[WHAT IS EXPECTED]: Write out the data exactly, please, and omit the pictures.

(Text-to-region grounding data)
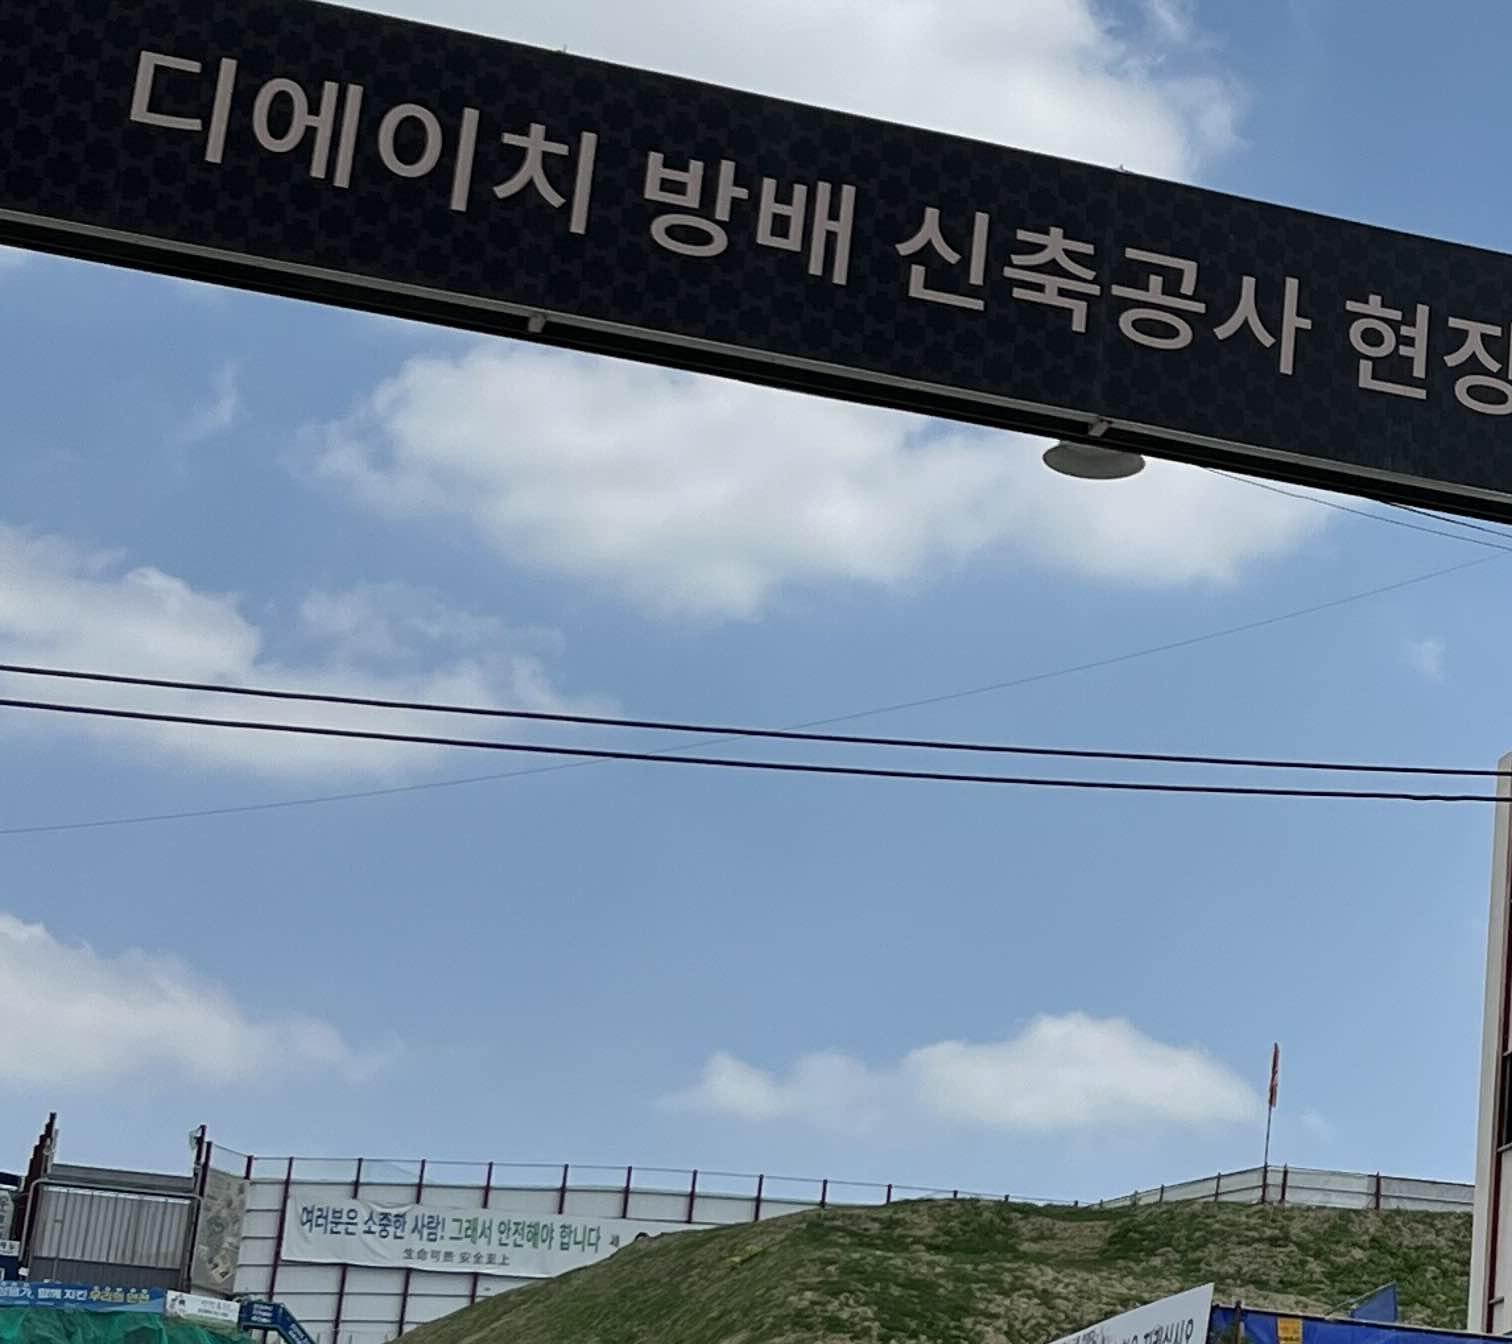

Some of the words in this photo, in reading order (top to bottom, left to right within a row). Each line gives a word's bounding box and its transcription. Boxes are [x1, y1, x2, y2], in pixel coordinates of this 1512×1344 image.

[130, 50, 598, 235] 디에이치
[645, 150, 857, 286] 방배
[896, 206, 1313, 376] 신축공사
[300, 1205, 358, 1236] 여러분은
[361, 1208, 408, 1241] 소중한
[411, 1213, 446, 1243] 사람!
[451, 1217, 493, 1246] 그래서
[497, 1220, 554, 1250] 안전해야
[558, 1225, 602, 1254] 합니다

[EXPECTED ANSWER]:
Some of the words in this photo, in reading order (top to bottom, left to right within a row). Each line gives a word's bounding box and its transcription. Boxes are [x1, y1, x2, y2], in pixel coordinates of this 1512×1344 image.

[130, 50, 598, 235] 디에이치
[645, 150, 857, 286] 방배
[896, 206, 1313, 376] 신축공사
[300, 1205, 358, 1236] 여러분은
[361, 1208, 408, 1241] 소중한
[411, 1213, 446, 1243] 사람!
[451, 1217, 493, 1246] 그래서
[497, 1220, 554, 1250] 안전해야
[558, 1225, 602, 1254] 합니다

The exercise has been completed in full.